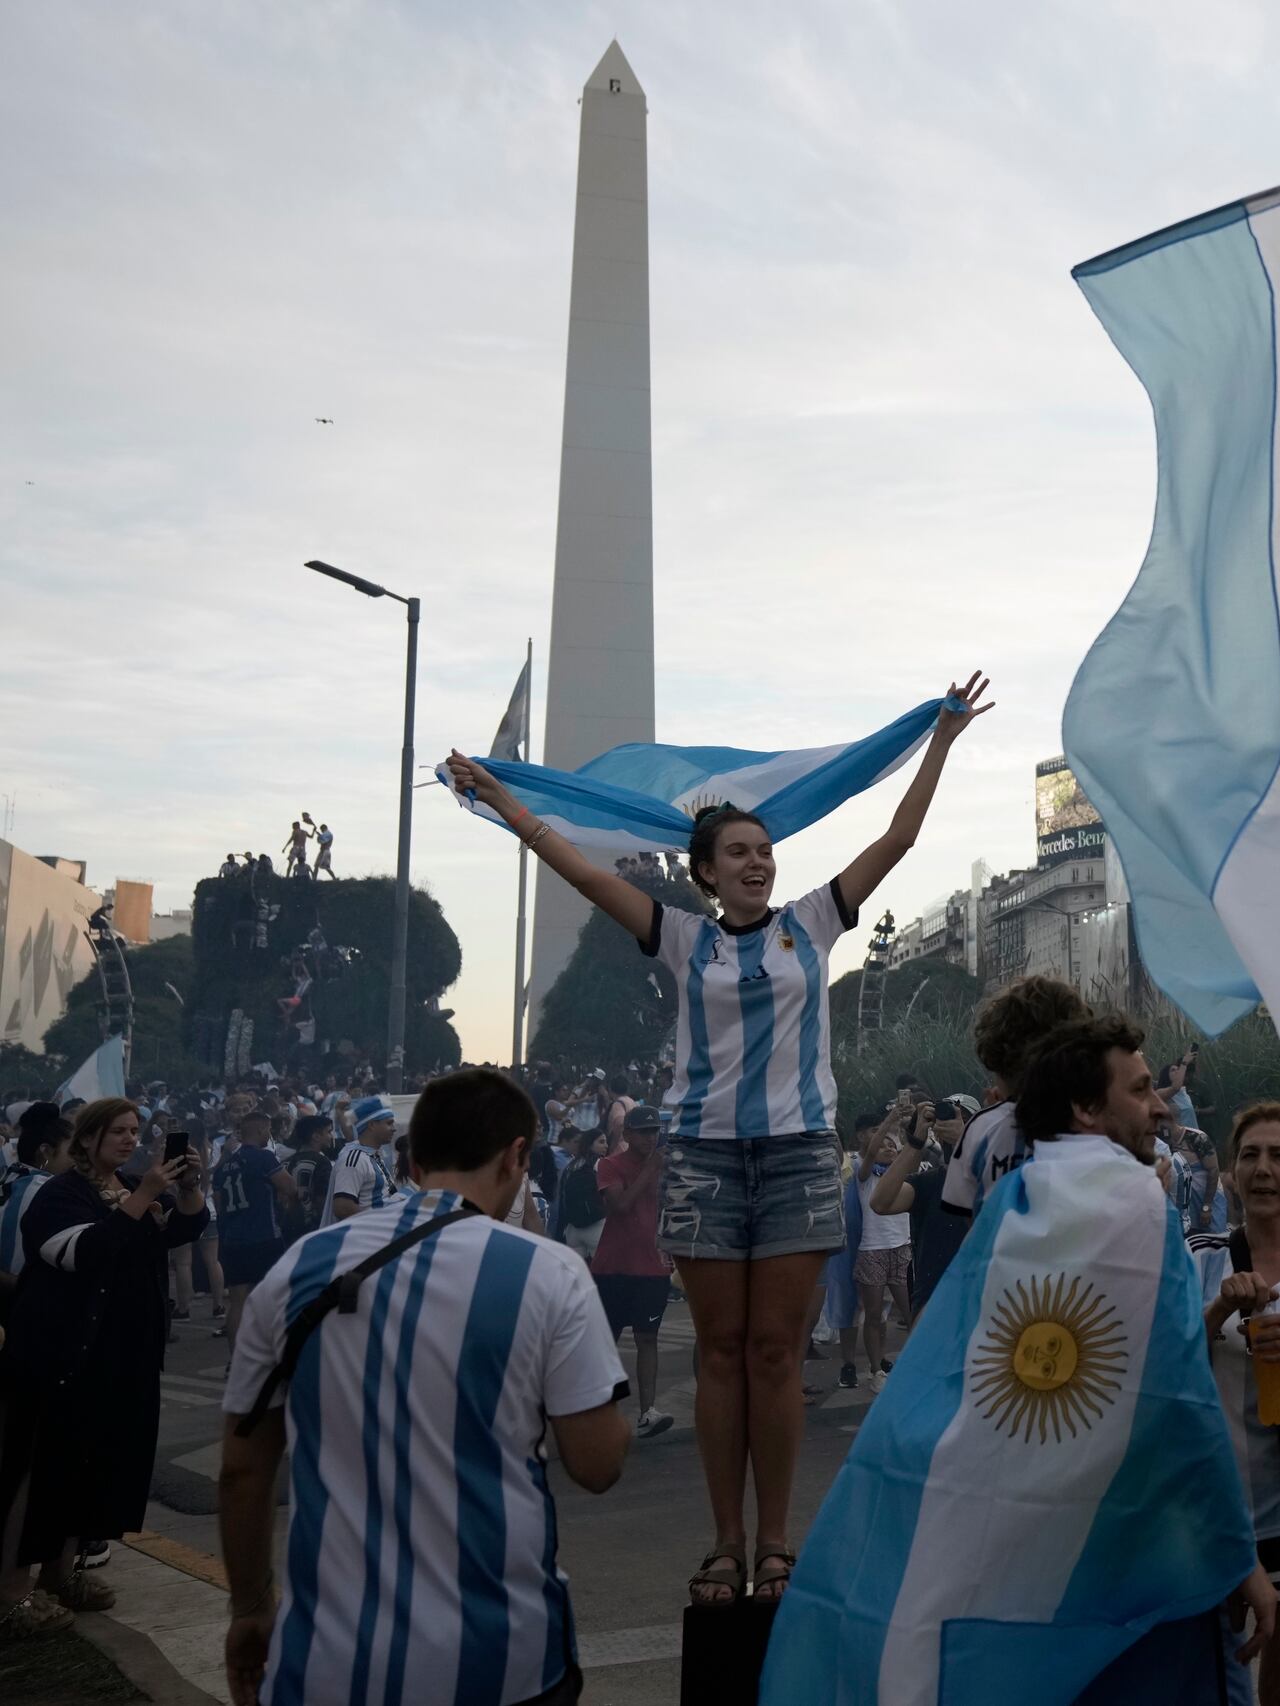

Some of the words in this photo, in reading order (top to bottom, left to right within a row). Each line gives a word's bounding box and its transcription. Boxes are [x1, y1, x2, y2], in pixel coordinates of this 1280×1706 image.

[1037, 830, 1105, 857] Mercedes-Benz
[992, 1154, 1034, 1181] ME
[222, 1173, 250, 1213] 11
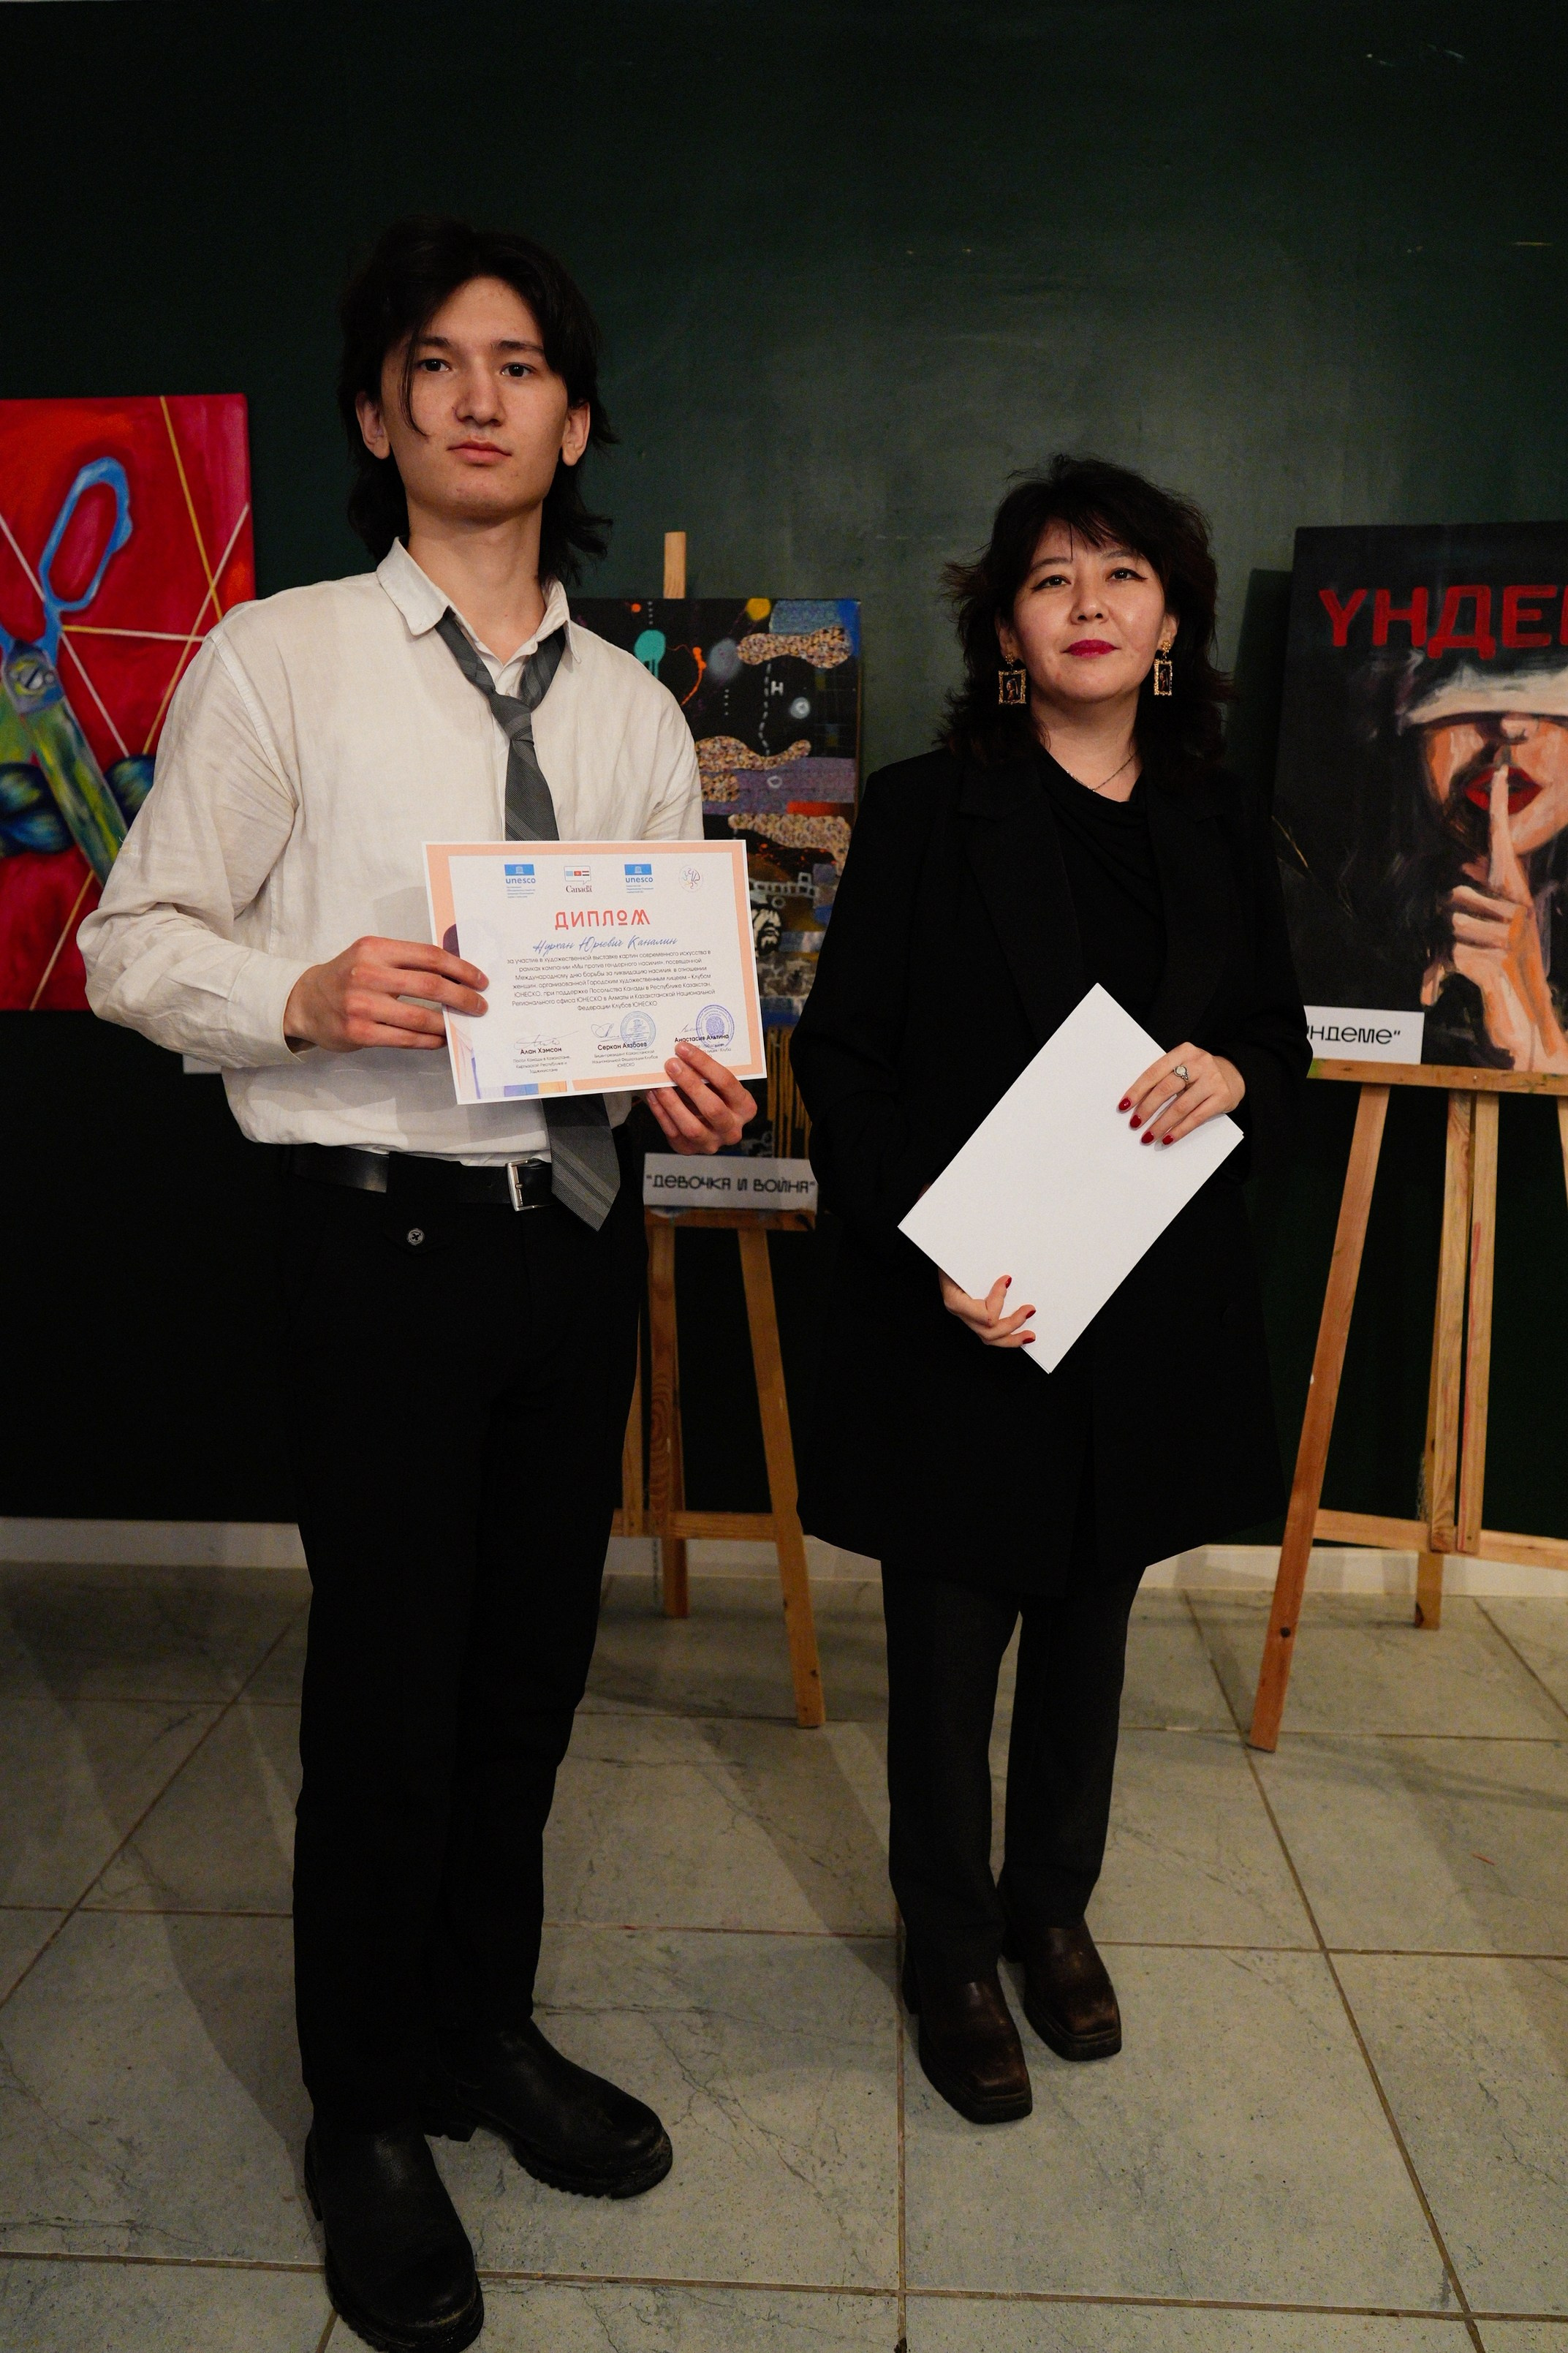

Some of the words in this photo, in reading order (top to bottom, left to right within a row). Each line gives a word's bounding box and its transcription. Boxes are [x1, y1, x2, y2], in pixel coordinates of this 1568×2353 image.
------------------------------------------------------------------------
- Exercise: Copy all of the material word for word, and include none of its pictures.

- Result for this task:
Some of the words in this photo, in reading order (top to bottom, left to right within a row). Each line gives a word's bounding box and its transcription. Boxes are [x1, y1, x2, y2], in pixel coordinates of this 1280×1706 image.

[1037, 830, 1105, 857] Mercedes-Benz
[992, 1154, 1034, 1181] ME
[222, 1173, 250, 1213] 11

Some of the words in this photo, in reading order (top to bottom, left to right within a row). Each line gives a word's bounding box and its transcription. Boxes are [x1, y1, x2, y2], in pixel coordinates of this 1568×2353 image.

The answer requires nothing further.